My first attempted configuration did not specify bind for the public sites. I thought the warning about inconsistent binding in the documentation for bind could apply, but as you can see above specifying a non-overlapping binding does not fix it.

[mholt]

Thanks; I wonder if we're using a map somewhere and we lose the ordering. Will have to look into that.

[mholt]

Thanks again for a thoroughly-researched issue. So my comment on the linked issue says:

This might suck, but maybe we should find all the addresses that use the HTTPS port and add the host portion of each of those addresses to the auto-redir server. i.e. a server configured to listen on "104.244.78.176:443", "127.0.0.1:443", "[2605:6400:30:f1ca::1]:443", "[::1]:443" would result in the auto-redir server listening on "104.244.78.176:80", "127.0.0.1:80", "[2605:6400:30:f1ca::1]:80", "[::1]:80".
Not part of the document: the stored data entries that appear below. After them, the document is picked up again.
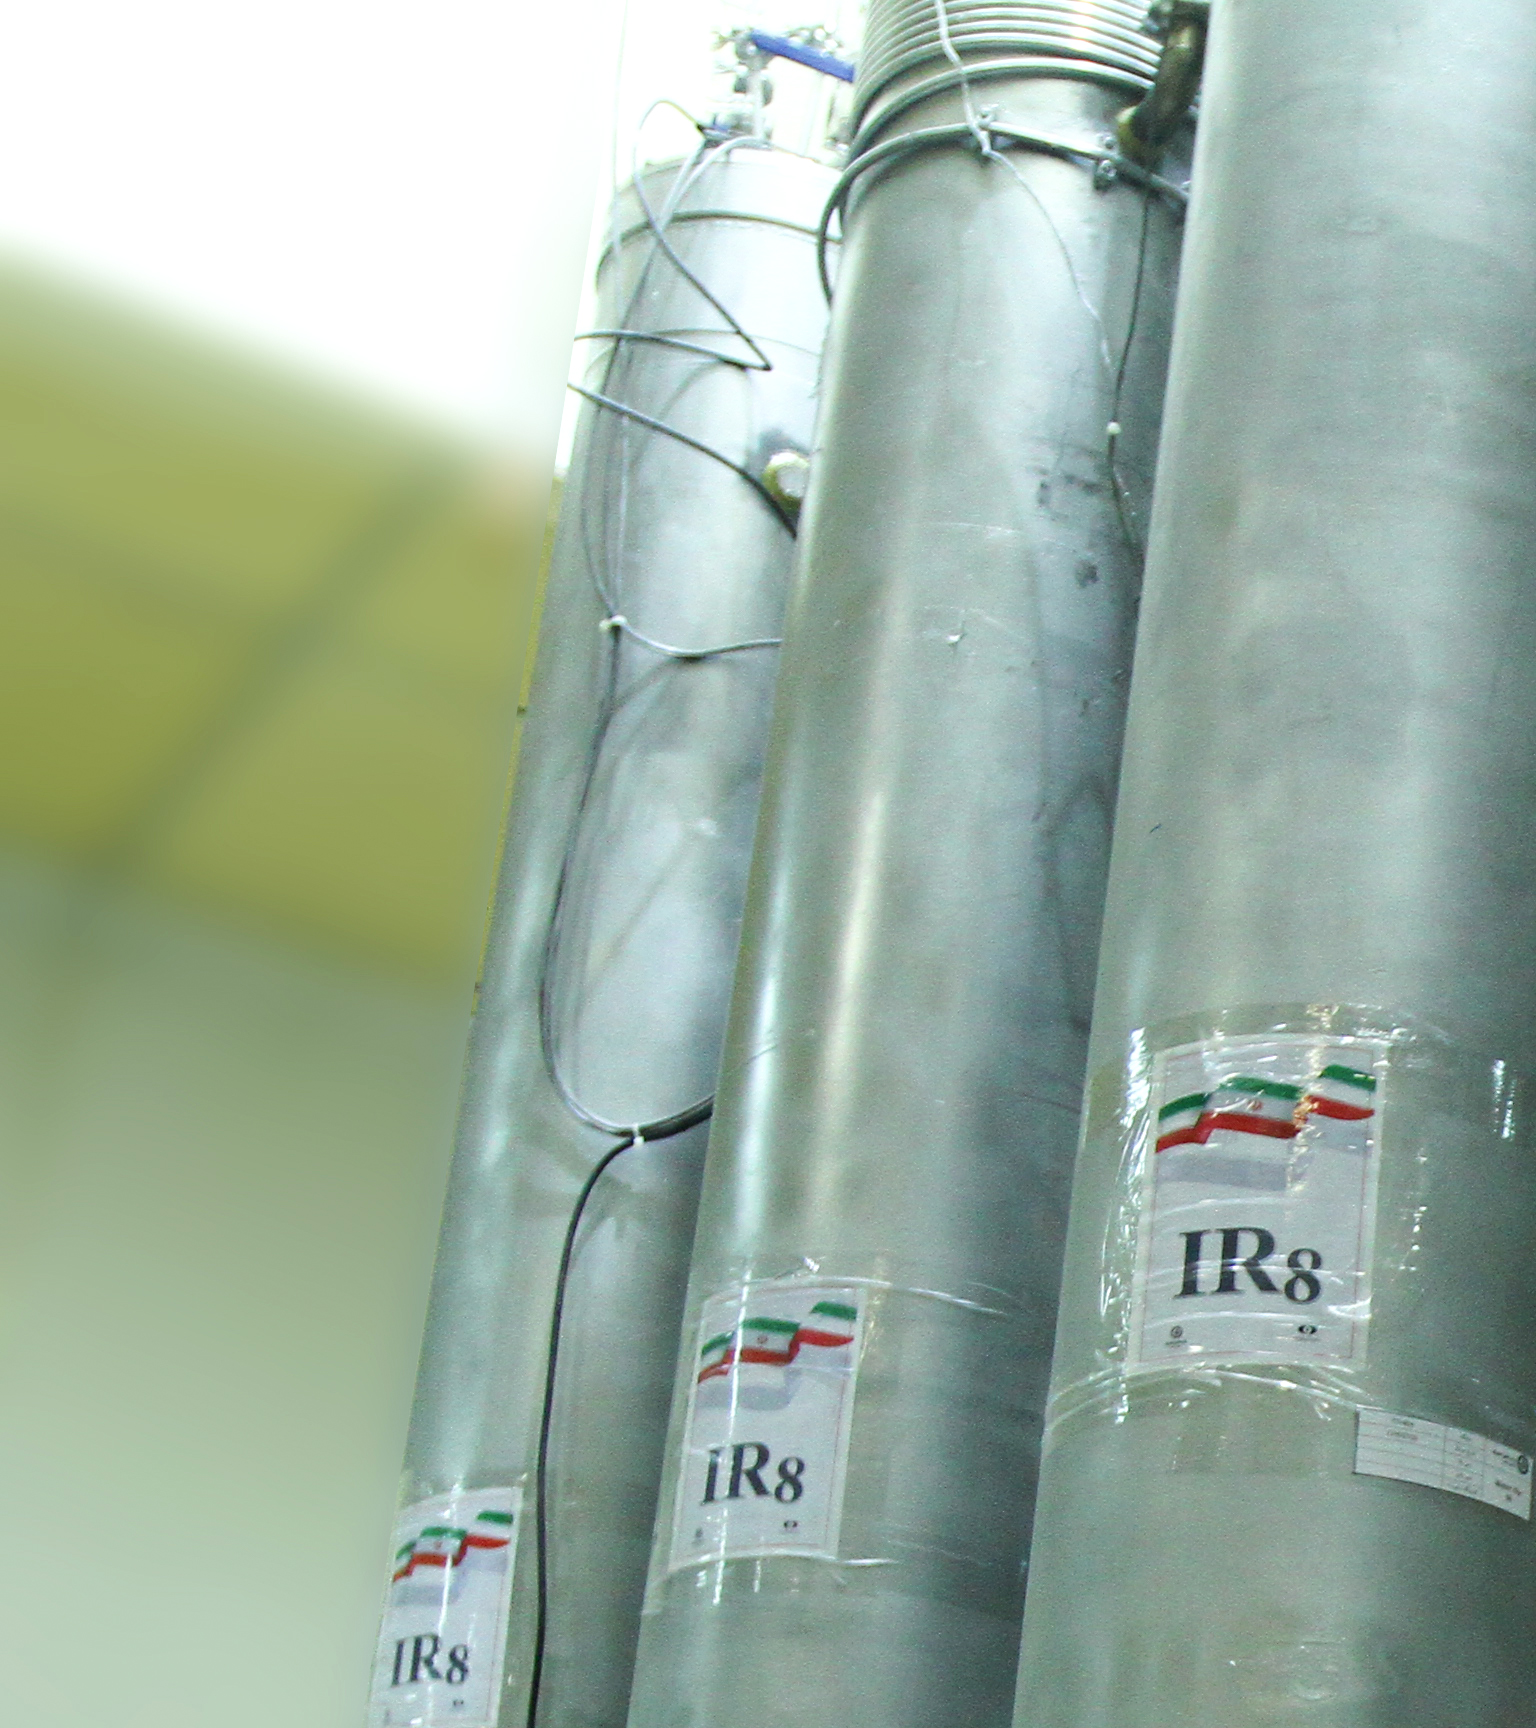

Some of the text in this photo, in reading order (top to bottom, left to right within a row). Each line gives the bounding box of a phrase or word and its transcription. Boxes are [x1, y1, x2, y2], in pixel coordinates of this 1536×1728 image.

[1173, 1226, 1323, 1304] IR8
[700, 1440, 806, 1506] IR8
[390, 1633, 470, 1689] IR8
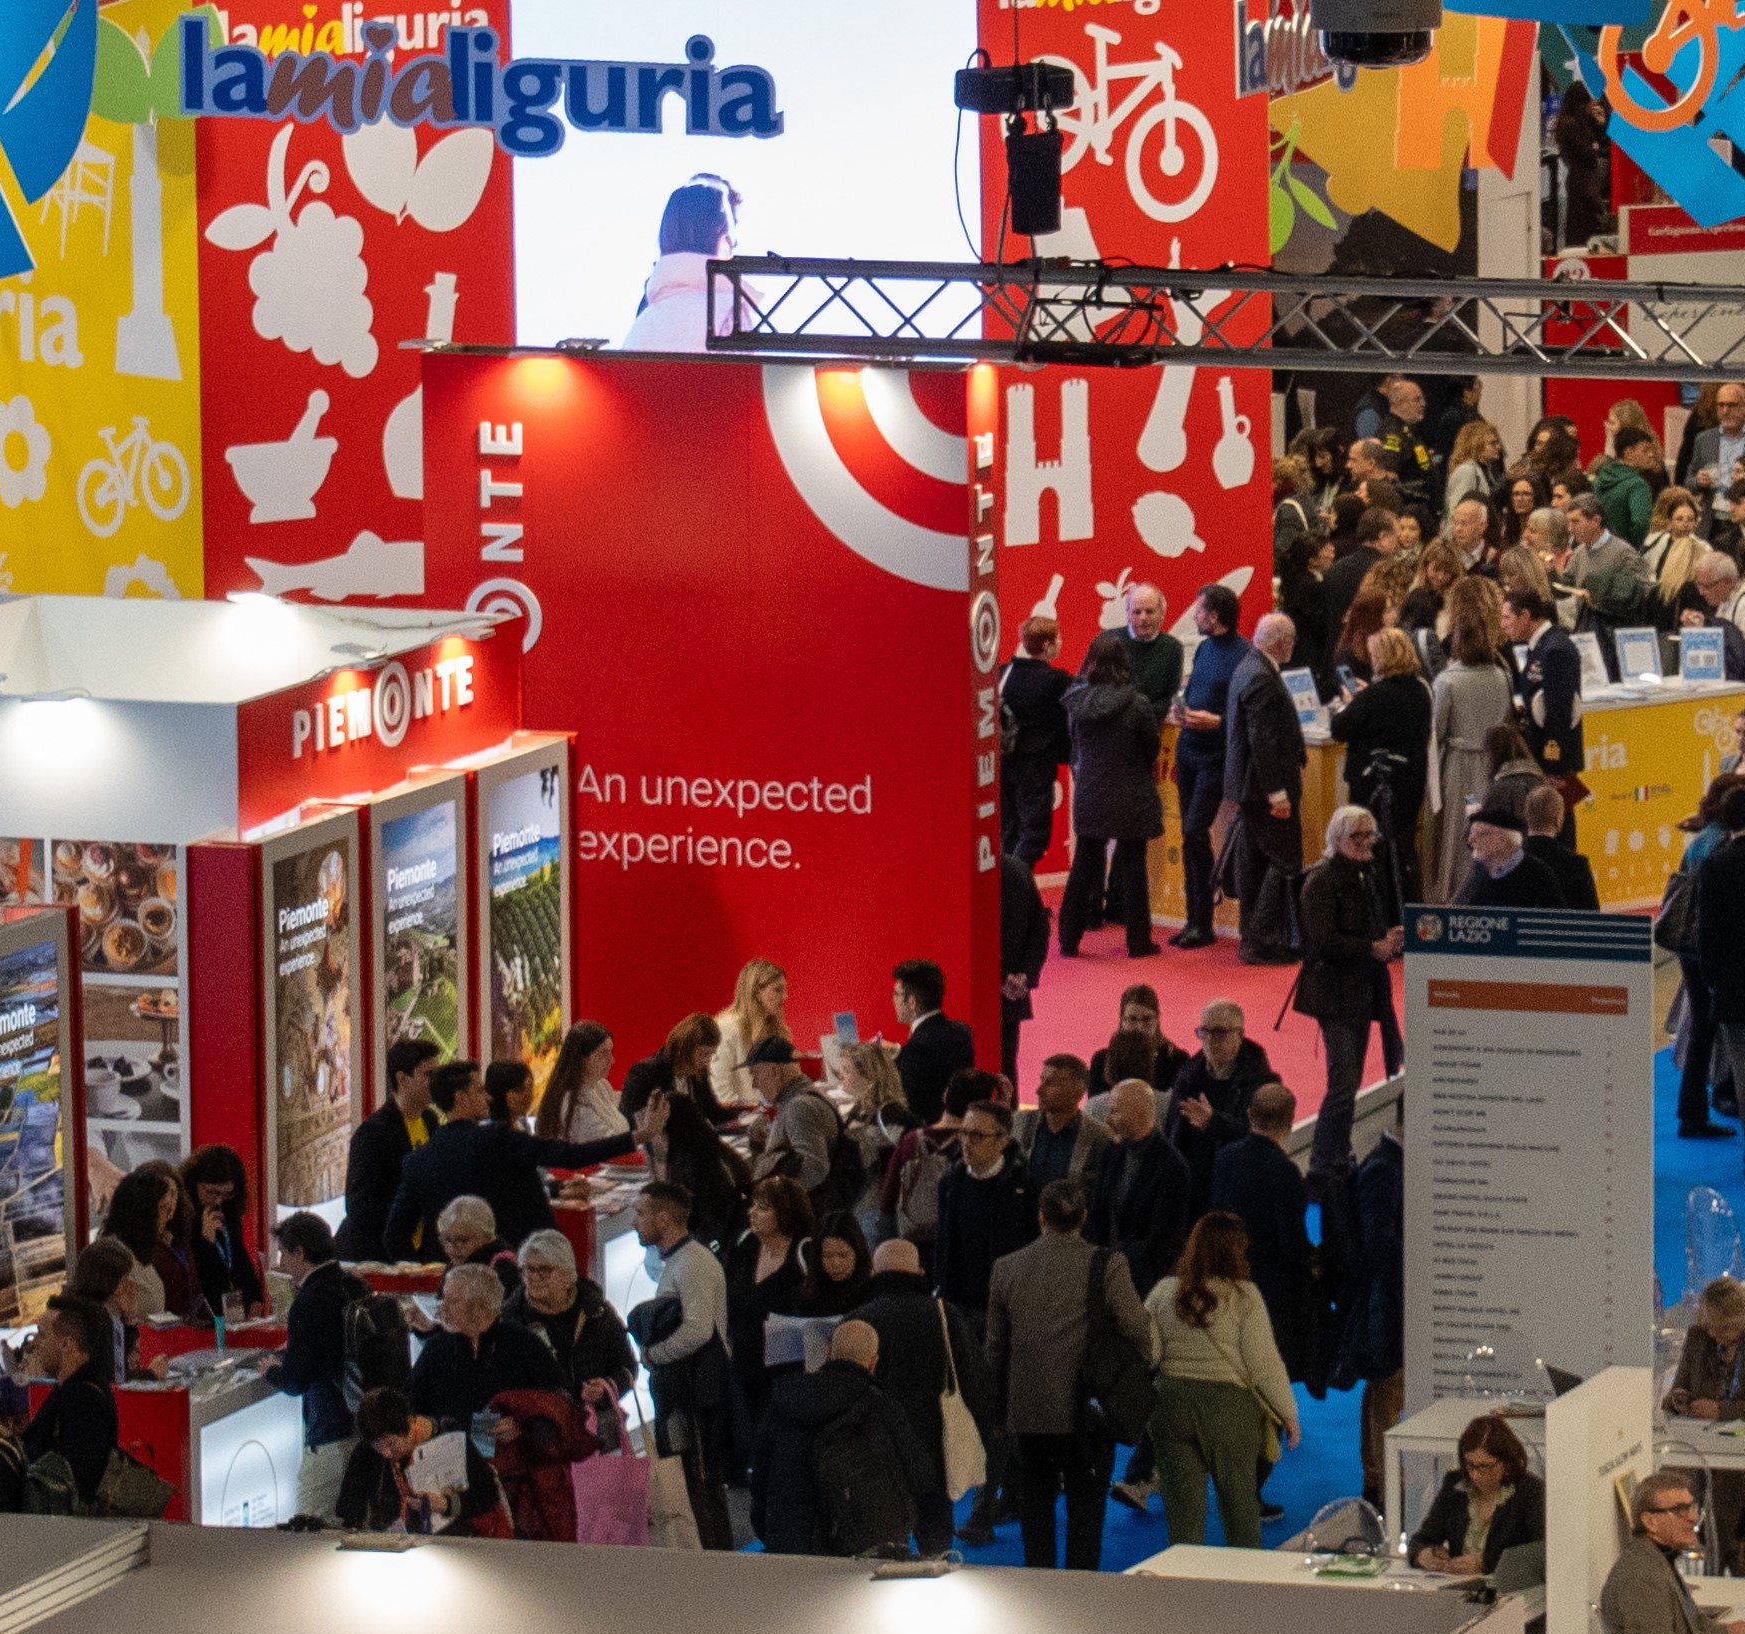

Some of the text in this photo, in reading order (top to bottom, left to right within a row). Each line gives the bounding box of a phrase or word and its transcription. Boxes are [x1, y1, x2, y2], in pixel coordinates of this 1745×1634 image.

[465, 420, 541, 654] ONTE
[970, 430, 1000, 872] PIEMONTE
[291, 653, 476, 758] PIEMONTE
[578, 764, 872, 818] An unexpected
[493, 823, 541, 857] Piemonte
[578, 827, 802, 872] experience.
[388, 858, 437, 894] Piemonte
[279, 897, 329, 934] Piemonte
[1448, 915, 1510, 931] REGIONE
[1448, 928, 1492, 944] LAZIO
We might need to do that 😬

Is it OK if we don't slide this into 2.7? Maybe 2.7.1... unless someone wants to whip up a PR for it, but I'm not sure if this would be easy or not.

[jorams]

We might need to do that

That indeed seems like a good solution.

Is it OK if we don't slide this into 2.7?

Fine by me! I've worked around the issue with manual redirects.